Add support for API Nodes in ComfyUI. (#7726)

* Add Ideogram generate node. * Add staging api. * COMFY_API_NODE_NAME node property * switch to boolean flag and use original node name for id * add optional to type * Add API_NODE and common error for missing auth token (#5) * Add Minimax Video Generation + Async Task queue polling example (#6) * [Minimax] Show video preview and embed workflow in ouput (#7) * [API Nodes] Send empty request body instead of empty dictionary. (#8) * Fixed: removed function from rebase. * Add pydantic. * Remove uv.lock * Remove polling operations. * Update stubs workflow. * Remove polling comments. * Update stubs. * Use pydantic v2. * Use pydantic v2. * Add basic OpenAITextToImage node * Add. * convert image to tensor. * Improve types. * Ruff. * Push tests. * Handle multi-form data. - Don't set content-type for multi-part/form - Use data field instead of JSON * Change to api.comfy.org * Handle error code 409. * separate out nodes per openai model * Update error message. * fix wrong output type * re-categorize nodes, remove ideogram (for now) * oops, fix mappings * fix ruff * Update frontend to 1.17.9 * embargo lift rename nodes * remove unused autogenerated model code * fix API type error and add b64 support for 4o * fix ruff * oops forgot mask scaling code * Remove unused types. --------- Co-authored-by: bymyself <cbyrne@comfy.org> Co-authored-by: Yoland Y <4950057+yoland68@users.noreply.github.com> Co-authored-by: thot-experiment <thot@thiic.cc>
2025-08-03 07:26:31 +08:00 · 2025-04-23 12:38:34 -07:00
parent 154f2911aa
commit dea1c7474a
8 changed files with 979 additions and 2 deletions
--- a/comfy_api_nodes/nodes_api.py
+++ b/comfy_api_nodes/nodes_api.py
@@ -0,0 +1,425 @@
+import io
+from inspect import cleandoc
+
+from comfy.utils import common_upscale
+from comfy.comfy_types.node_typing import IO, ComfyNodeABC, InputTypeDict
+from comfy_api_nodes.apis import (
+    OpenAIImageGenerationRequest,
+    OpenAIImageEditRequest,
+    OpenAIImageGenerationResponse
+)
+from comfy_api_nodes.apis.client import ApiEndpoint, HttpMethod, SynchronousOperation
+
+import numpy as np
+from PIL import Image
+import requests
+import torch
+import math
+import base64
+
+def downscale_input(image):
+    samples = image.movedim(-1,1)
+    #downscaling input images to roughly the same size as the outputs
+    total = int(1536 * 1024)
+    scale_by = math.sqrt(total / (samples.shape[3] * samples.shape[2]))
+    if scale_by >= 1:
+        return image
+    width = round(samples.shape[3] * scale_by)

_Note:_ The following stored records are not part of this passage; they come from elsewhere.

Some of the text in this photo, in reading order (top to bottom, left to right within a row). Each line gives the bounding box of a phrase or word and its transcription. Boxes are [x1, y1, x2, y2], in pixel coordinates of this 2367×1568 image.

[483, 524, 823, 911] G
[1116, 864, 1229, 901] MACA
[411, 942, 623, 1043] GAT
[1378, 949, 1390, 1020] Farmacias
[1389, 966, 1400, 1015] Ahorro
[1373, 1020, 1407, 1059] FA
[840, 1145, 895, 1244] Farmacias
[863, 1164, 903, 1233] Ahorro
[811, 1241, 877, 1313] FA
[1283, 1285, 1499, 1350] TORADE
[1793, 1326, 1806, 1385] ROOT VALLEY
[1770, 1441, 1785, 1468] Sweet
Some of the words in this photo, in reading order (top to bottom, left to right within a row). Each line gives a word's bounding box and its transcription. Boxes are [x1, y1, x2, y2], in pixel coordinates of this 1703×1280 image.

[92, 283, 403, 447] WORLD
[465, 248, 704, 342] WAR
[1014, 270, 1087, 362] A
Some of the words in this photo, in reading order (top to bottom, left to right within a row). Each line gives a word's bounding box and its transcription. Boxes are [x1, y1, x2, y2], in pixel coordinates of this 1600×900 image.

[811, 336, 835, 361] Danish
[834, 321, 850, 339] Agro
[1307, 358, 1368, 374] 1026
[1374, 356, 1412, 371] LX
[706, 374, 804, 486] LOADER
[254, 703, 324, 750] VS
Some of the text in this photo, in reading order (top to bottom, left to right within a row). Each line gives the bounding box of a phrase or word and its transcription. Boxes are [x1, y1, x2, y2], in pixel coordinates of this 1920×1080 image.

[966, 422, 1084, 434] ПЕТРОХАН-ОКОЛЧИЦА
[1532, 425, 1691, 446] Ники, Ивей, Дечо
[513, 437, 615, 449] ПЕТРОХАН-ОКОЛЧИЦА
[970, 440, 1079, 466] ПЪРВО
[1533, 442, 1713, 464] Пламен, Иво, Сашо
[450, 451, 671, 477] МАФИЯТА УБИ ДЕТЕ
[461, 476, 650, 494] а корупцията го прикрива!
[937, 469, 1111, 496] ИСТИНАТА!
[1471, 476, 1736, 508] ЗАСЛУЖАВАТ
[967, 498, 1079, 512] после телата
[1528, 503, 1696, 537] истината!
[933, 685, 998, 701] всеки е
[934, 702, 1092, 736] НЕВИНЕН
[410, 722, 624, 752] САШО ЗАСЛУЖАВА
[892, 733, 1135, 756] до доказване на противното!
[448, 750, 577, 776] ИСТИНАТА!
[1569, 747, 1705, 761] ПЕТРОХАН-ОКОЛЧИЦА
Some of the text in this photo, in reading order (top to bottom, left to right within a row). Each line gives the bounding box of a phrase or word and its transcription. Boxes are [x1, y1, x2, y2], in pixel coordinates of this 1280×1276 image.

+    height = round(samples.shape[2] * scale_by)
+
+    s = common_upscale(samples, width, height, "lanczos", "disabled")
+    s = s.movedim(1,-1)
+    return s
+
+def validate_and_cast_response (response):
+    # validate raw JSON response
+    data = response.data
+    if not data or len(data) == 0:
+        raise Exception("No images returned from API endpoint")
+
+    # Get base64 image data
+    image_url = data[0].url
+    b64_data = data[0].b64_json
+    if not image_url and not b64_data:
+        raise Exception("No image was generated in the response")
+
+    if b64_data:
+        img_data = base64.b64decode(b64_data)
+        img = Image.open(io.BytesIO(img_data))
+
+    elif image_url:
+        img_response = requests.get(image_url)
+        if img_response.status_code != 200:
+            raise Exception("Failed to download the image")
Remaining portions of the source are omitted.